[Task to carry out]:
Pictures aside, output each record exactly.

=== Begin Enclosure ===

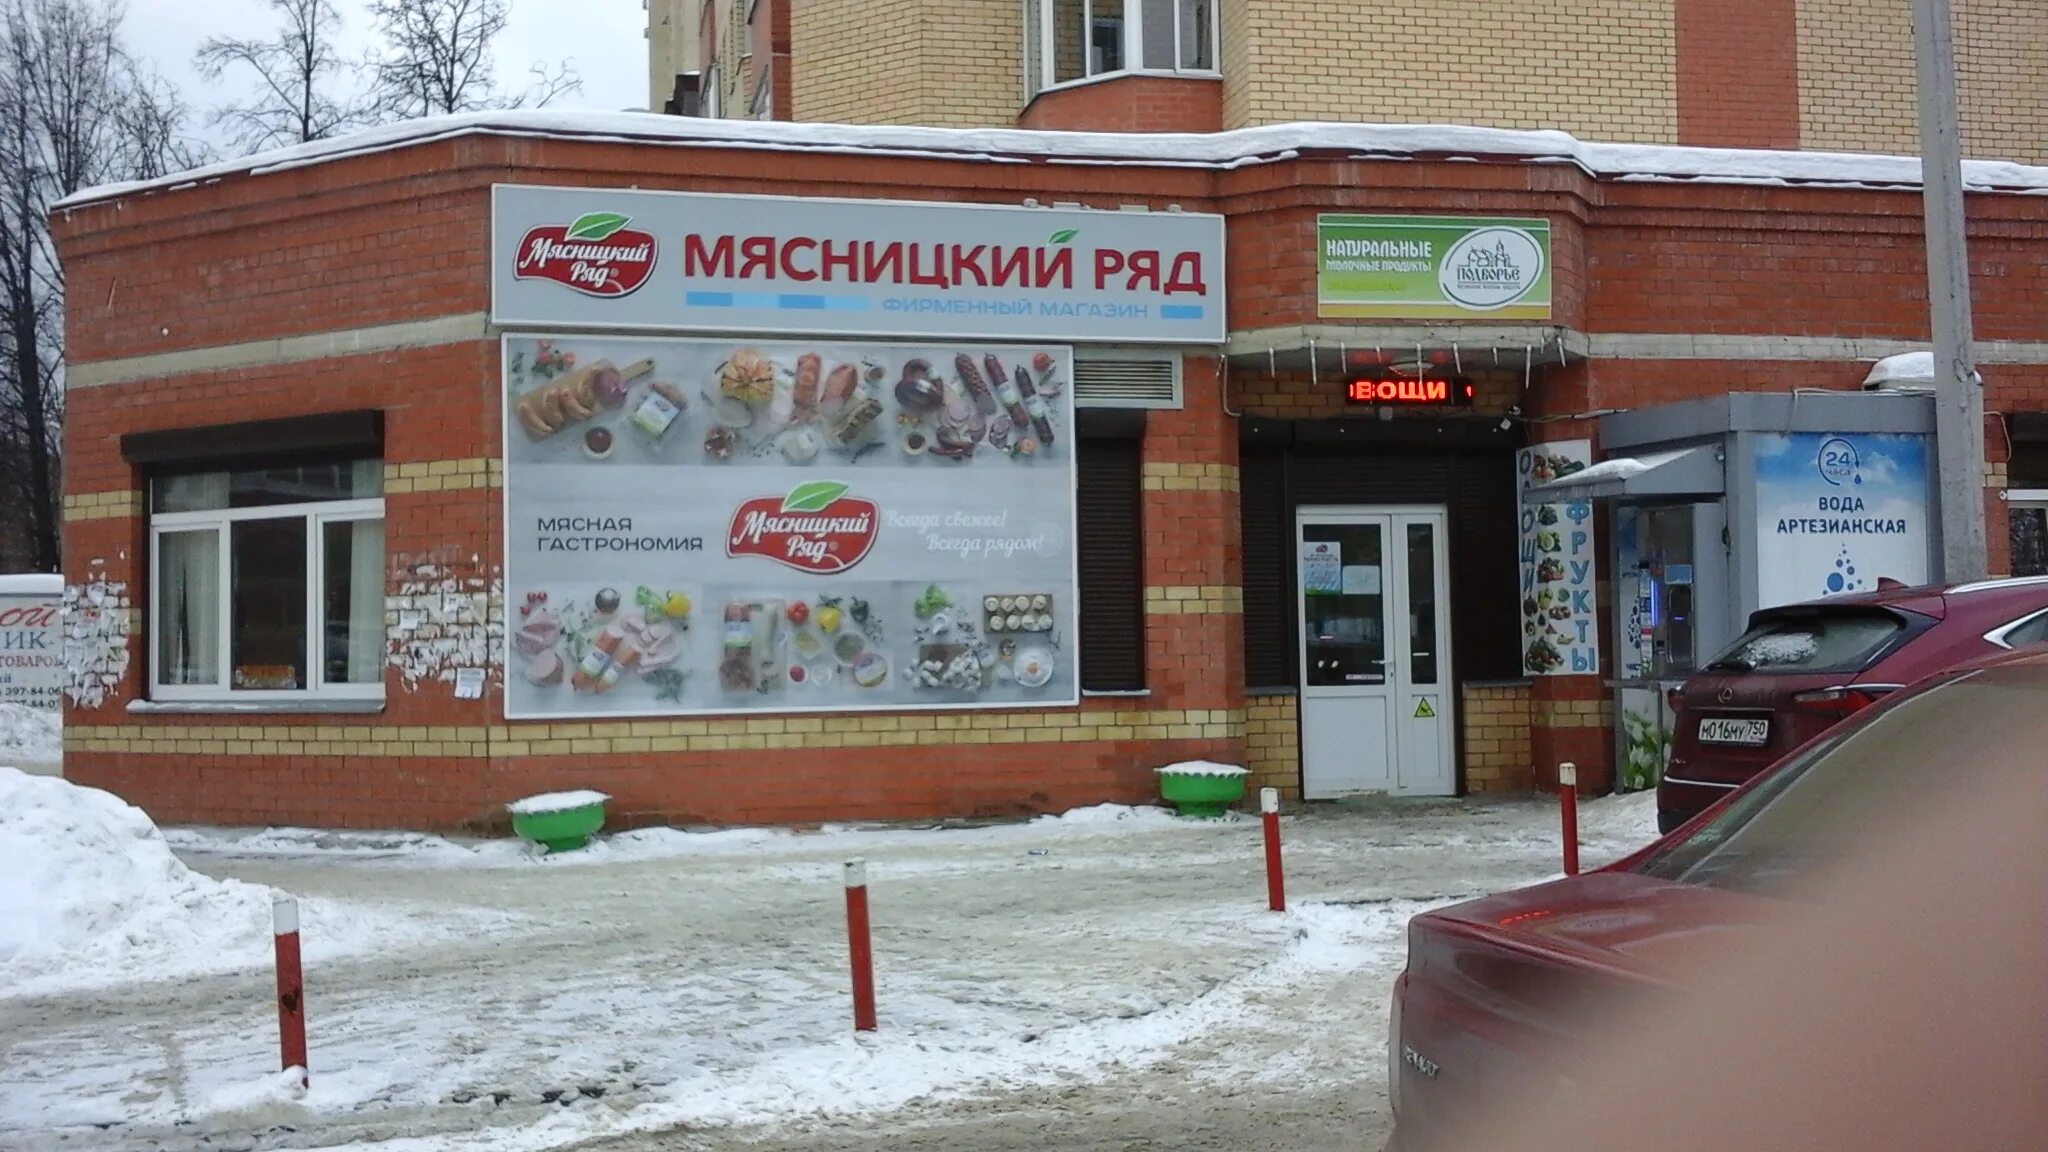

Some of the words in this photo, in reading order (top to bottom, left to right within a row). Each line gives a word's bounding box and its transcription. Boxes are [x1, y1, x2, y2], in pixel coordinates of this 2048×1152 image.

[519, 237, 651, 269] Мясницкий
[1326, 239, 1432, 258] НАТУРАЛЬНЫЕ
[685, 230, 1075, 289] МЯСНИЦКИЙ
[1094, 248, 1206, 296] РЯД
[1326, 260, 1380, 272] МОЛОЧНЫЕ
[1382, 260, 1432, 272] ПРОДУКТЫ
[882, 296, 1033, 316] ФИРМЕННЫЙ
[1040, 301, 1148, 318] МАГАЗИН
[1826, 451, 1850, 467] 24
[1819, 496, 1865, 513] ВОДА
[537, 517, 633, 532] МЯСНАЯ
[732, 511, 872, 545] Мясницкий
[886, 509, 941, 534] Всегда
[944, 510, 1007, 528] свежее!
[1777, 517, 1906, 535] АРТЕЗИАНСКАЯ
[537, 537, 704, 552] ГАСТРОНОМИЯ
[926, 533, 982, 558] Всегда
[984, 534, 1045, 559] рядом!
[1565, 498, 1596, 672] ФРУКТЫ
[1748, 721, 1766, 736] 750

=== End Enclosure ===

[Response below]:
Some of the words in this photo, in reading order (top to bottom, left to right within a row). Each line gives a word's bounding box and its transcription. Boxes are [x1, y1, x2, y2], in pixel coordinates of this 2048×1152 image.

[519, 237, 651, 269] Мясницкий
[1326, 239, 1432, 258] НАТУРАЛЬНЫЕ
[685, 230, 1075, 289] МЯСНИЦКИЙ
[1094, 248, 1206, 296] РЯД
[1326, 260, 1380, 272] МОЛОЧНЫЕ
[1382, 260, 1432, 272] ПРОДУКТЫ
[882, 296, 1033, 316] ФИРМЕННЫЙ
[1040, 301, 1148, 318] МАГАЗИН
[1826, 451, 1850, 467] 24
[1819, 496, 1865, 513] ВОДА
[537, 517, 633, 532] МЯСНАЯ
[732, 511, 872, 545] Мясницкий
[886, 509, 941, 534] Всегда
[944, 510, 1007, 528] свежее!
[1777, 517, 1906, 535] АРТЕЗИАНСКАЯ
[537, 537, 704, 552] ГАСТРОНОМИЯ
[926, 533, 982, 558] Всегда
[984, 534, 1045, 559] рядом!
[1565, 498, 1596, 672] ФРУКТЫ
[1748, 721, 1766, 736] 750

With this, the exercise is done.